Ma copine est maraîchère de légumes biologiques, alors ça change le regard sur les aliments. J’essaie le plus possible de m’approvisionner en aliments locaux, frais et équitables (quand ça vient de loin).
Es-tu aussi doué derrière les fourneaux que sur une scène?
Quel genre de musique écoutes-tu lorsque tu cuisines?
Si L‘Oumigmag était un plat/une saveur, quel serait-il/elle?
Tout ça servit avec une petite touche d’humour, parce que c’est important de pas trop se prendre au sérieux!
Si Habitant était une recette, quels en seraient les ingrédients?
⅓ de musique vaste et planante aux accents jazz
⅓ d’air traditionnel qui touche une fibre profonde et ancienne
1 guitariste compositeur qui passe 3 ans à fréquenter avec bonheur les veillées de musique traditionnelle, deux à écrire de la musique au bord du fleuve et dans Lanaudière.
600 tasses de thé du Camellia Sinensis (oups une plug)
Beaucoup, beaucoup de journées de studio et de recherche.
Mélanger de façon inédite les airs traditionnels, les techniques d’écriture contemporaines et l’impro.
Laissez fermenter en plusieurs résidences de création et vous avez une musique bien vivante qui cherche à habiter les territoires et les traditions du Québec, à sa façon.
Ton dernier repas et la dernière musique que tu écouterais… Si tu devais mourir demain?!
J’écouterais du Dhafer Youssef, un chanteur et joueur de oud tunisien, sa musique contient tellement d’espace, ça nourrit l’âme. Ou bien, tiens, je m’en permets un autre: les chansons «Julep» et «Forgotten» des Punch Brothers. Les textes sont tellement puissants, ils me mettent un peu plus en paix avec la mort… c’est fort la musique!

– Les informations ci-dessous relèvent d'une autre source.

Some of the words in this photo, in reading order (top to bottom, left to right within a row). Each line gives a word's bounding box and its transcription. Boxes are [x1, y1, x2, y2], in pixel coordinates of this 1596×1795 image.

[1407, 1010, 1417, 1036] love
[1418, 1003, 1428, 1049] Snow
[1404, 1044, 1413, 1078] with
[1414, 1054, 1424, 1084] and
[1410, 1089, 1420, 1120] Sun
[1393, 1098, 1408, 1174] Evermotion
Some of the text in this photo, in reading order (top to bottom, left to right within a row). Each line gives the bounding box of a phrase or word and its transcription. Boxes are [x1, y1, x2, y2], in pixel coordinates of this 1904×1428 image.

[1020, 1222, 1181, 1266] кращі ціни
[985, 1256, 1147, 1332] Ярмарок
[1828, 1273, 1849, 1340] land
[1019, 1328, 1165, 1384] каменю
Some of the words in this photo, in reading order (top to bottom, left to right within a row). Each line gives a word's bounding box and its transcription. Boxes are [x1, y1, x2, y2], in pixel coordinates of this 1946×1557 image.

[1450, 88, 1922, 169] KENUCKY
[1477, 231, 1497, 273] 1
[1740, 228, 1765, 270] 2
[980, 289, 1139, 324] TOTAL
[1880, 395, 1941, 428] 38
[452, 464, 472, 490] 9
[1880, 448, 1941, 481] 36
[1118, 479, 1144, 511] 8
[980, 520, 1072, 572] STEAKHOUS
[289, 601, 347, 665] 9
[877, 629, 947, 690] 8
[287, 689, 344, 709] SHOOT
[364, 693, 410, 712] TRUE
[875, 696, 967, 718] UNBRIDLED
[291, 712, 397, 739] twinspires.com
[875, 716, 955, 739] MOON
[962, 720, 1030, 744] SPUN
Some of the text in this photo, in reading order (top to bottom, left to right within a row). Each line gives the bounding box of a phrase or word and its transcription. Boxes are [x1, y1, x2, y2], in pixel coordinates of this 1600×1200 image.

Quel est ton plus gros «fail» culinaire?
Début vingtaine, j’ai développé une théorie culinaire novatrice: la technique de l’ingrédient secret. L’idée était d’incorporer en douce un ingrédient qui n’avait aucun rapport avec le plat cuisiné, mais qui devait le rehausser de façon étonnante. Je ne sais pas s’il y a eu des fois où ça a été fructueux, mais mes amis me rappellent encore la fois où j’ai gâché une recette entière de pâtes aux fruits de mer en y mettant des morceaux de banane… De la cuisine moléculaire ratée.
…Et ton plus gros «fail» musical?
Ouf! Vraiment pas glorieux. Je suis ado – c’est mon premier concert de guitare – je joue «Tears in Heaven» d’Eric Clapton. Je suis accompagné pour la première fois par deux musiciens, un bassiste et un guitariste. Le développement de mon sens du tempo était très embryonnaire, pour ne pas dire douteux… Après une minute souffrante d’une complexité rythmique inégalée (on n’est pas du tout ensemble), je dois m’arrêter parce que je ne comprends plus rien. On a essayé de repartir trois fois et je n’ai jamais réussi à finir la pièce. Dure première!